If you’re not sure when you want to exist your business, don’t worry too much. There will come a time and you’ll know when it is, when you start to get that nagging feeling in the back of your brain that it’s time to move on. In the meantime, it’s a good idea to plan your business as if you’re going to be leaving it in five years’ time. If that seems like a lifetime away, make it three years. Now you’ve got that figure in your head, it’s time to think about the strategy you need to implement today, to maximise the value and the saleability of your company in 3 or 5 years’ time. So what does a saleable company look like? Here’s a few thoughts:
A saleable company has shown steady, year on year growth for at least three years and the prospects for the future look good
A saleable company is making good profits for the owner(s)
A saleable company does not rely on the owner working within the business for it to function or make a profit. The owner oversees the operation but is not hands on.
A saleable company has valuable assets. That could be a nice website, a strong, recognisable brand, a good reputation, a large database of clients and prospects, strong strategic partnerships, patents or recognisable trademarks or a host of othering things.
A saleable company has plenty of untapped opportunities
Just to expand a little bit more on point 3 above – a company where the owner is actively working inside the company and is integral to its success might sell for approximately 2-3 times annual turnover. Whereas a company whose owner is not integral to the business can sell for 7-8 times annual turnover.

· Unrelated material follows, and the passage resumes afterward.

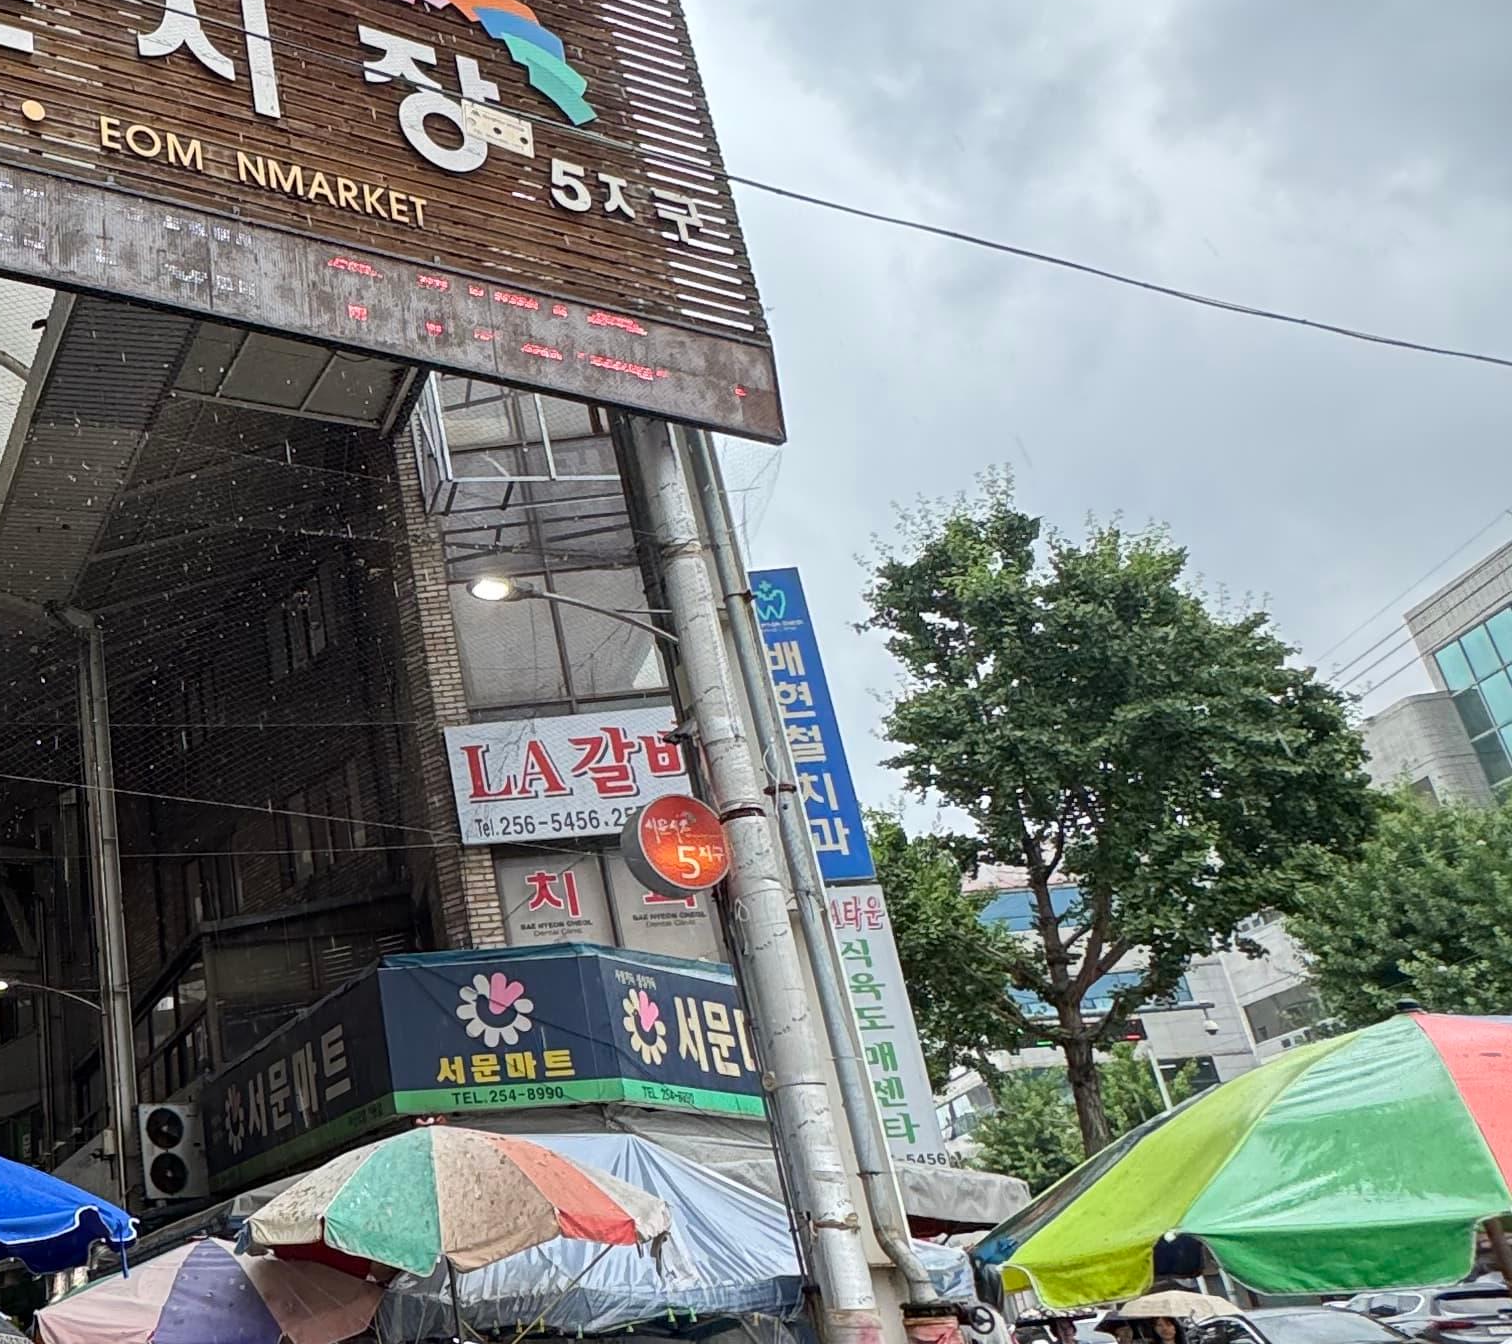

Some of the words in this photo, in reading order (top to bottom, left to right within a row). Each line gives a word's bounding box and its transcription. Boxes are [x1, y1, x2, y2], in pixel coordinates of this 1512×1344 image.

Now that you know those five points, you can start to build a three or five-year plan around them. The first action point though is that if you want to maximise the sale value of your small business in 3 to 5 years’ time, you need to make plans now to remove yourself from the business, put a manager in your place and still make the business profitable. It’s food for thought at least. Following on from that, you’ll need to focus more than ever on doing whatever it takes to achieve favourable profit and turnover figures. We’re going to expand on this topic in future posts and we’ll be covering each one of the 5 points referenced about in detail in individual future blogs.
Has this post struck a chord with you? Would you like to learn more about planning your business exit? Why not book a 40 minute Skype session with the small business coach to discuss your options in more detail? Visit our support packages page for more info and to book.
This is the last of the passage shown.